Aneel avalia a possibilidade de incluir no leilão de transmissão previsto para outubro de 2026 um novo projeto estimado em R$ 13 bilhões para reforçar a confiabilidade do sistema elétrico na região Norte do Brasil. A proposta foi apresentada pelo Ministério de Minas e Energia e prevê a implantação de um circuito duplo de linhas de transmissão em 500 kV entre Xingu, no Pará, e Manaus, no Amazonas, com 1.219 km de extensão por circuito, totalizando 2.438 km de linhas. De acordo com informações da Megawhat, a discussão ocorre porque o empreendimento ainda não consta na versão mais recente do Plano de Outorgas de Transmissão de Energia Elétrica.

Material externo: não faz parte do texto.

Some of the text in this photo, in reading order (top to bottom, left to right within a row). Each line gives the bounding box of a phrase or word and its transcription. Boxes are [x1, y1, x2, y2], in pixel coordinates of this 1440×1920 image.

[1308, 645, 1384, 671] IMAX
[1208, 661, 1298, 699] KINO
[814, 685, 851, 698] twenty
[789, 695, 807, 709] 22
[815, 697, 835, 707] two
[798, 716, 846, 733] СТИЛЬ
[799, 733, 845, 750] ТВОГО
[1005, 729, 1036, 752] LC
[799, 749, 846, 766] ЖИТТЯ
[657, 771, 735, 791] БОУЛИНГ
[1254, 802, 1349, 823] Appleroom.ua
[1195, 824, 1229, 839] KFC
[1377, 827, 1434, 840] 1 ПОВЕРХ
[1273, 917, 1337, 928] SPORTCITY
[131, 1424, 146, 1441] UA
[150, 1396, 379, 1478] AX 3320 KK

O tema foi tratado em carta enviada pelo MME à agência reguladora e em resposta do diretor da Aneel, Gentil Nogueira, relator do processo sobre o certame. No documento, Nogueira questiona se haverá definição do planejamento setorial a tempo de permitir a inclusão da obra no escopo do próximo leilão. A análise também leva em conta os efeitos da Lei 15.269/2025, que estabeleceu diretrizes para a interligação de cidades dos estados do Amazonas e de Rondônia.
Por que o projeto ainda depende de definição para entrar no leilão?

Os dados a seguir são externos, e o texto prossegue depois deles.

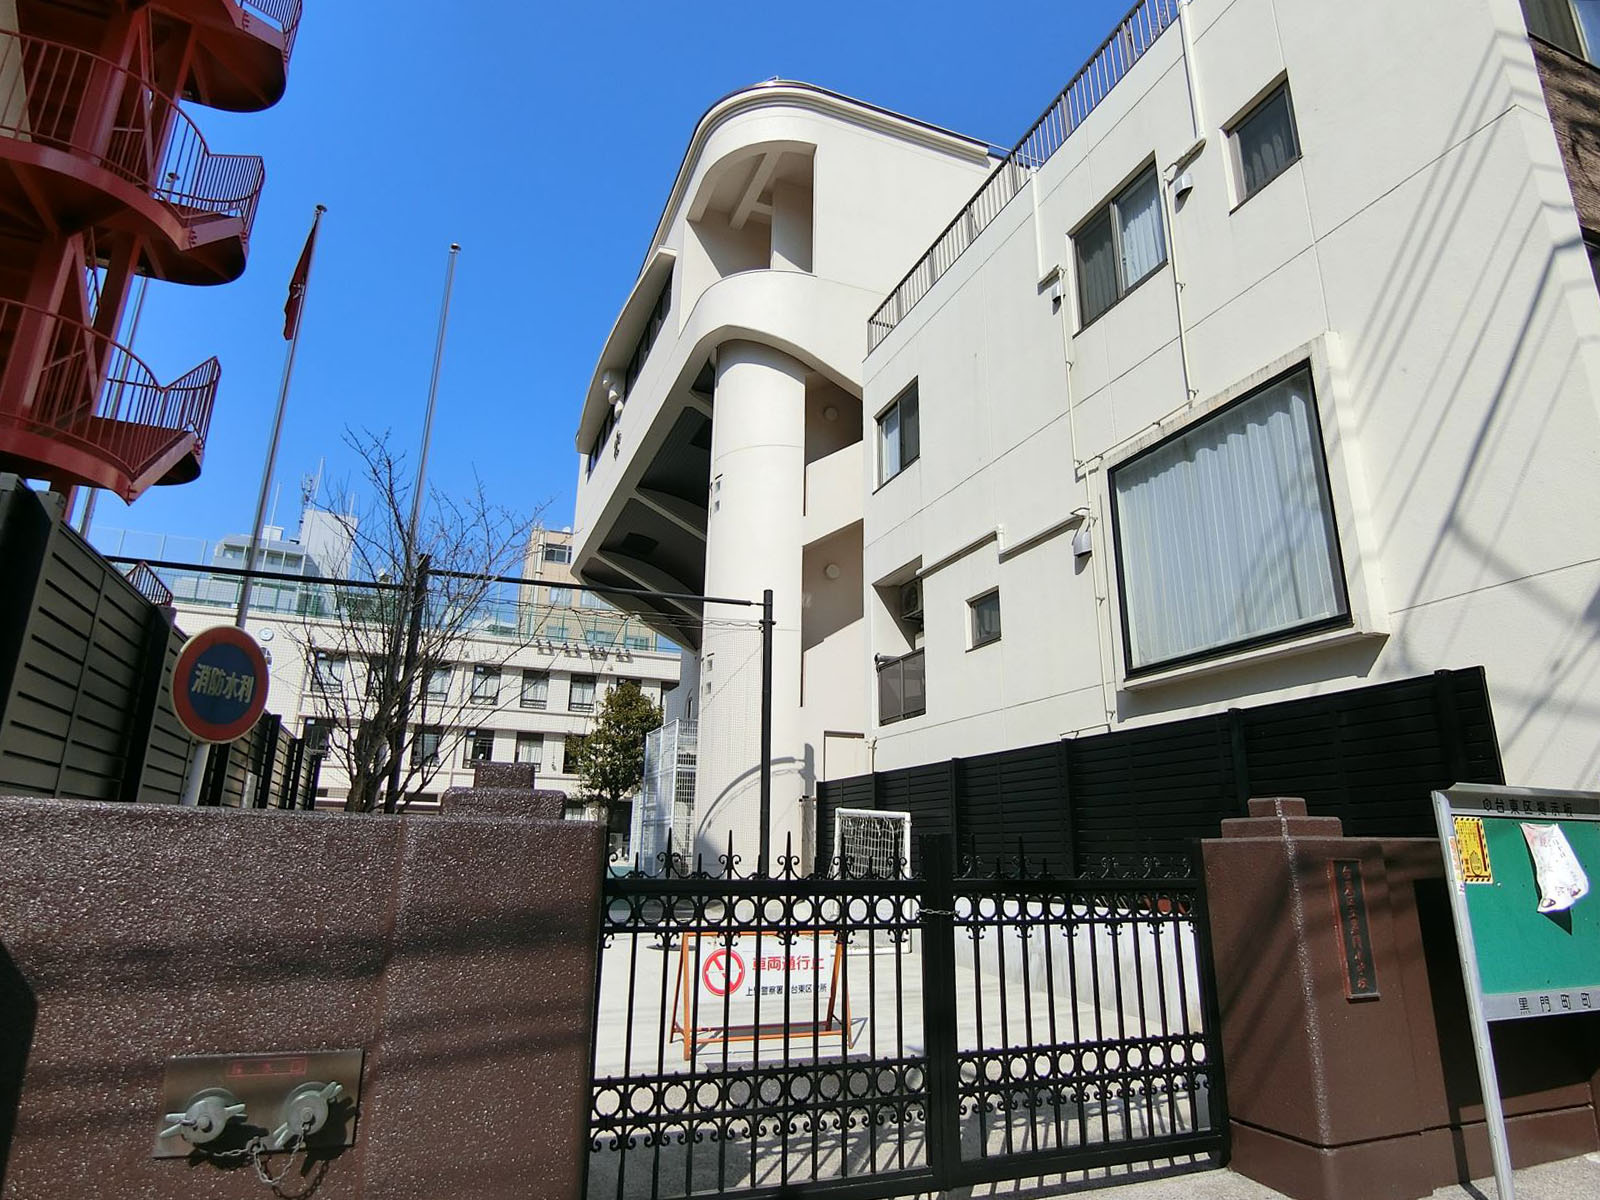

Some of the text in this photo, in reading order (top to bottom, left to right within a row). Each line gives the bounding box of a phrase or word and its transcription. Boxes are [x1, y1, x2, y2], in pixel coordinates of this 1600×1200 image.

[192, 663, 254, 703] 消防水利
[746, 983, 827, 997] 上警察署 台東区所

O principal entrave é que o empreendimento não está consolidado no Potee, instrumento do MME que reúne estudos da Empresa de Pesquisa Energética e do Operador Nacional do Sistema Elétrico para indicar quais obras de transmissão serão licitadas ou autorizadas pela Aneel. Sem essa consolidação formal, a inclusão no leilão depende de uma decisão do planejamento setorial.
Na carta, Gentil Nogueira pede essa definição ao ministério ao mencionar a necessidade de consolidar no Potee a solução de atendimento a Manaus. O diretor registrou o seguinte trecho no documento:
“Considerando ainda que, em 25 de novembro de 2025, foi sancionada a Lei 15.269/2025, trazendo disposição sobre a interligação Manaus – Porto Velho, solicitamos desse Ministério consolidação no Potee, da decisão do planejamento setorial quanto a solução de atendimento a Manaus para que seja possível incluí-las no escopo do próximo certame”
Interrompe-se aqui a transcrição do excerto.